Reflecting on Friday’s Disaster of Spiritual Care Training & Previewing Today’s Workshops forInterfaith families

Dear Hevreh,

“Everybody is a living document.” This is one of the key teachings from my training on Disaster Spiritual Care with the American Red Cross on Friday. In essence, this teaching emphasizes how everyone’s unique story is a something important to listen to, how it is a “document” worthy of being “read.” This is especially the case when working with someone who has just experienced trauma from a hurricane or a terrorist attack. While there is the story of the tragedy that we hear in the news, there are the stories we don’t hear from survivors who collectively add their own “document” to the complicated, tragic, heroic, and utterly human narrative that makes up the real story of a tragedy.
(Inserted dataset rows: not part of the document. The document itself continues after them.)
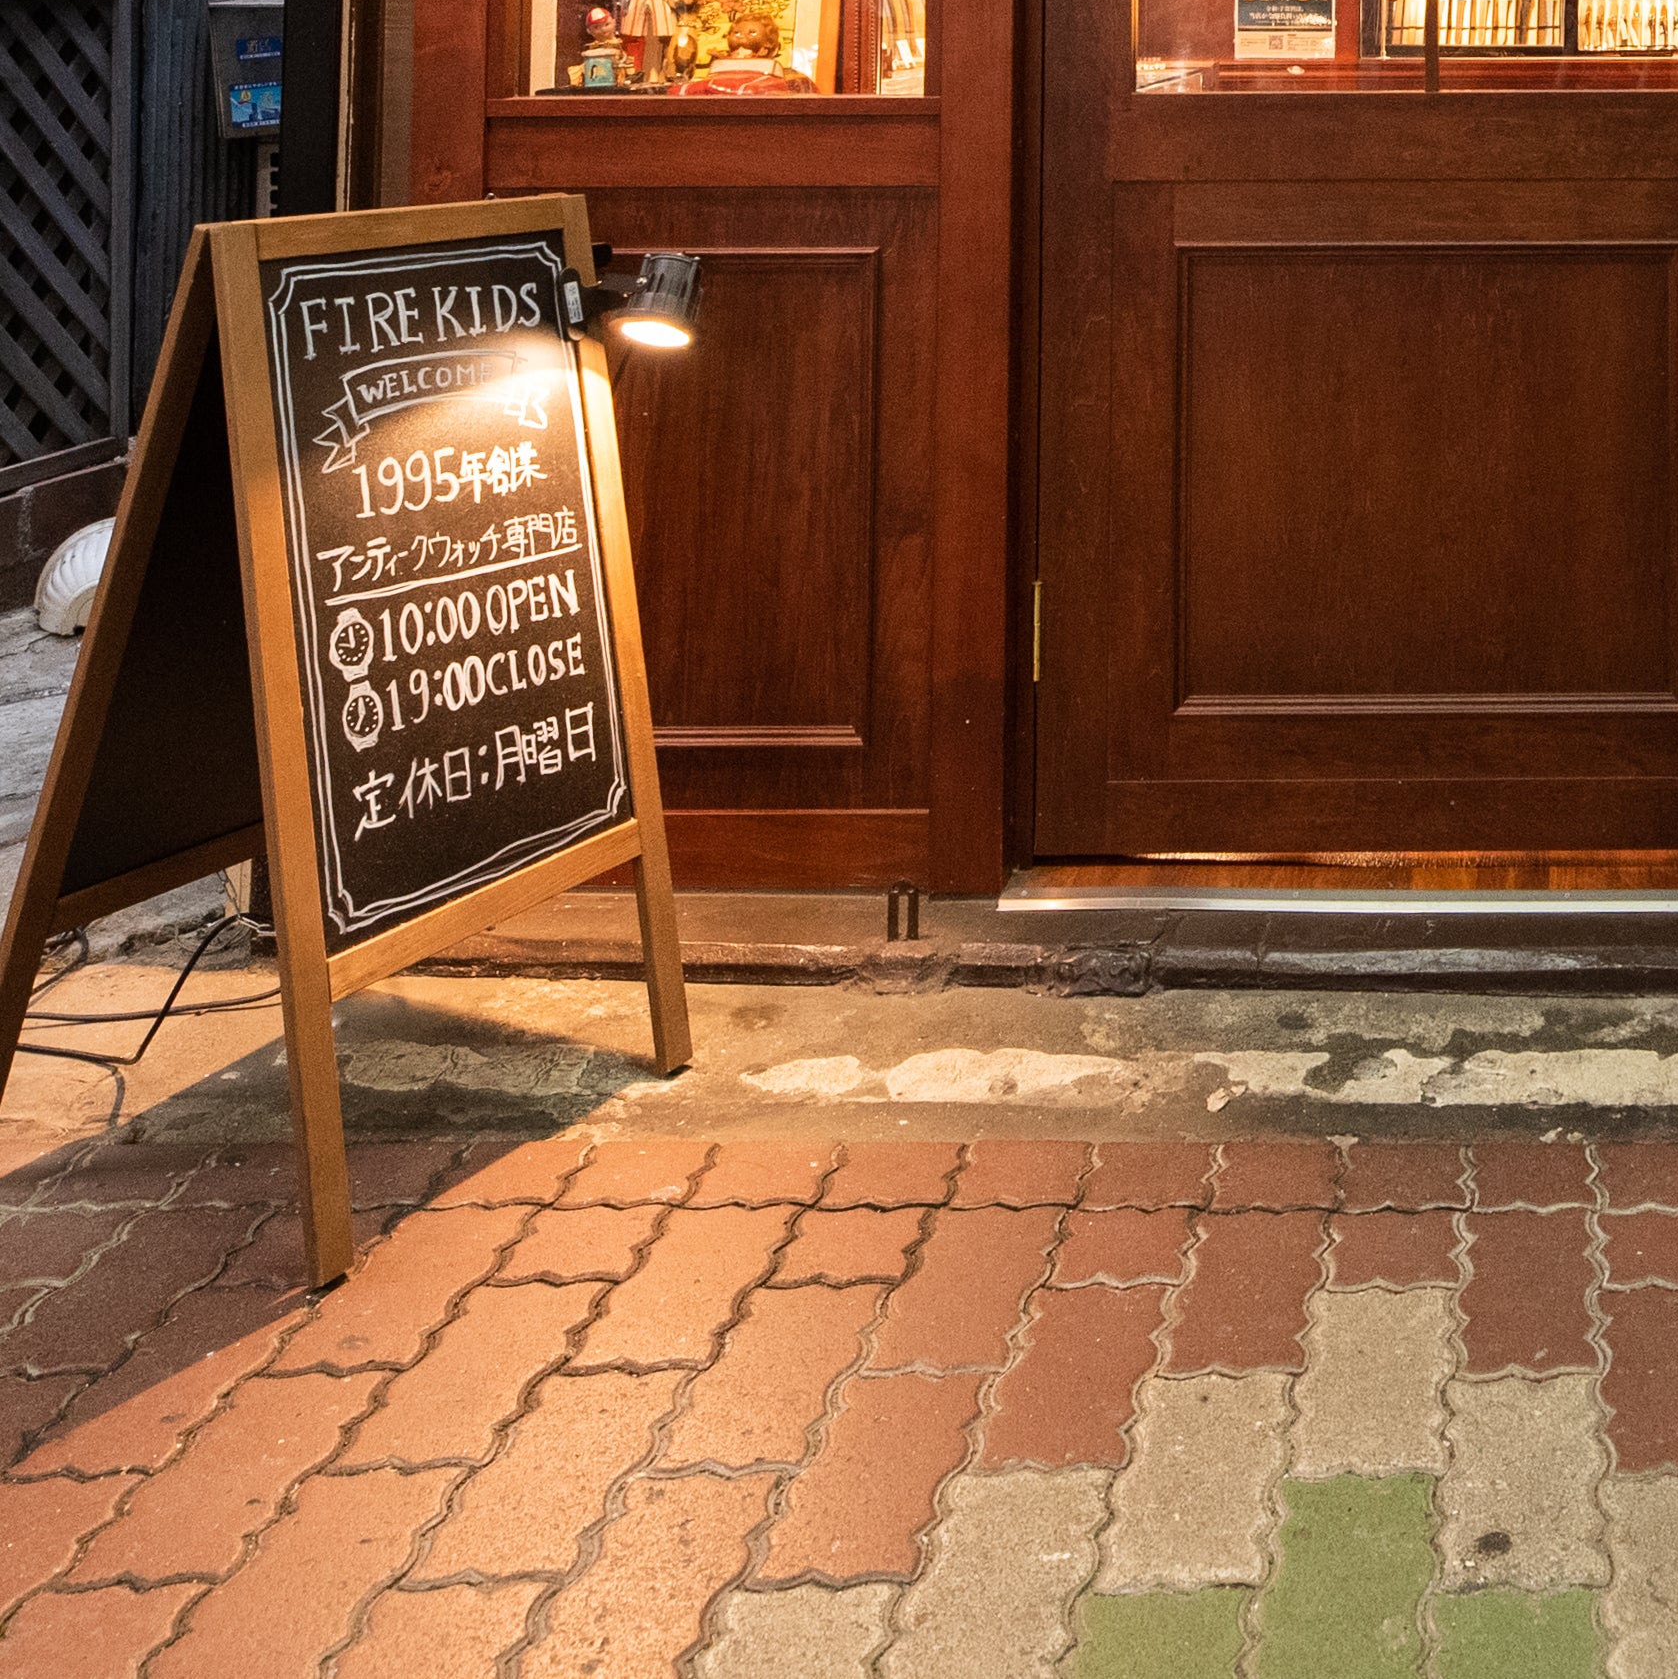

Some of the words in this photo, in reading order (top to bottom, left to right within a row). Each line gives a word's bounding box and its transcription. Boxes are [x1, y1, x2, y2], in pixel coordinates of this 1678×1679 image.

[299, 286, 424, 360] FIRE
[432, 282, 541, 342] KIDS
[356, 361, 493, 404] WELCOME
[351, 441, 549, 519] 1995年創業
[378, 591, 481, 663] 10:00
[485, 568, 581, 635] OPEN
[386, 655, 487, 731] 19:00
[485, 632, 586, 696] CLOSE
These documents need to be read, these people need to be heard, and when we offer ourselves as listeners and readers to their story, we become spiritual care providers. 

As I was learning about the concept of a living document I couldn’t help but think of a teaching I’ve emphasized throughout my time at Beth Mordecai: that we all have a #UniqueTorah to share. The story of our lives offers a critical teaching that needs to be heard, and we shouldn’t overlook the importance of a single person’s “Torah” because their Torah is part of the living Torah of the Jewish people.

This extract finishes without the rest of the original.